» **Material shown**:
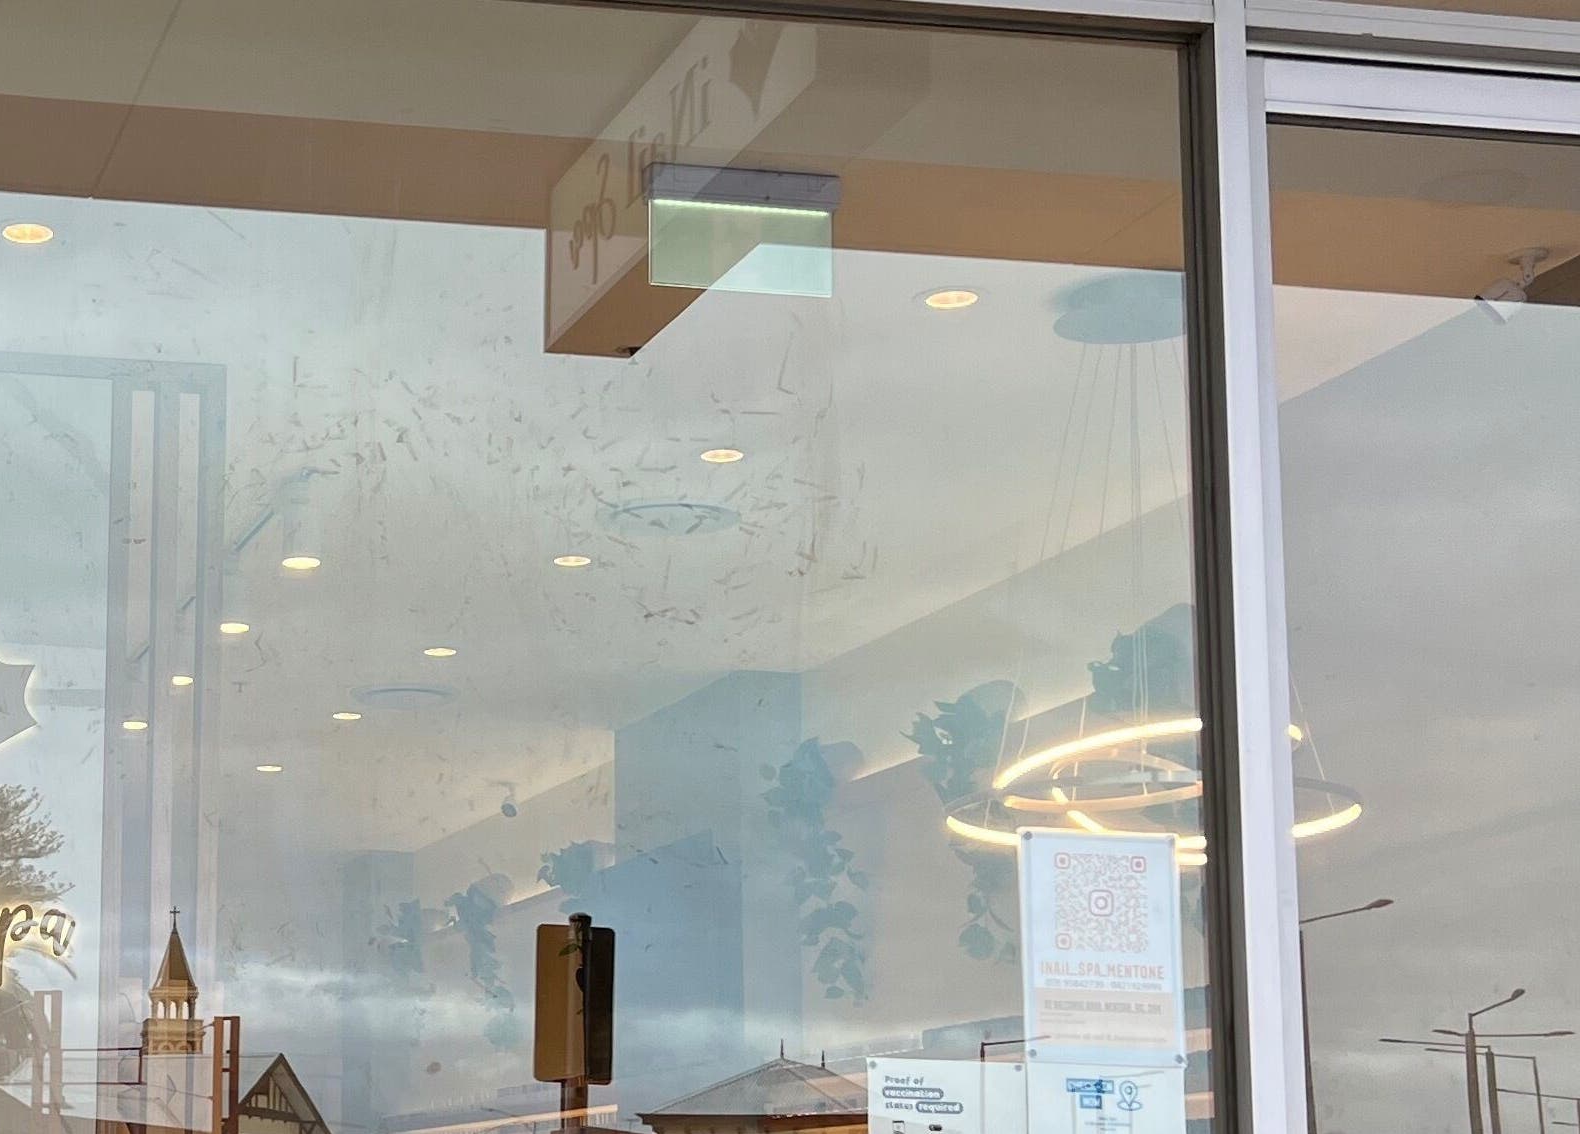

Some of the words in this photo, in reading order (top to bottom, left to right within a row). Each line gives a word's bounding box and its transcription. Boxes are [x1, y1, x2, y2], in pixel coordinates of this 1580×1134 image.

[884, 1075, 910, 1085] Proof
[913, 1076, 924, 1086] of
[884, 1088, 941, 1099] vaccination
[885, 1101, 913, 1110] status
[918, 1102, 961, 1113] required

» **Task statement**:
Exactly retype each record above, dropping images.

» **Answer to the exercise**:
Some of the words in this photo, in reading order (top to bottom, left to right within a row). Each line gives a word's bounding box and its transcription. Boxes are [x1, y1, x2, y2], in pixel coordinates of this 1580×1134 image.

[884, 1075, 910, 1085] Proof
[913, 1076, 924, 1086] of
[884, 1088, 941, 1099] vaccination
[885, 1101, 913, 1110] status
[918, 1102, 961, 1113] required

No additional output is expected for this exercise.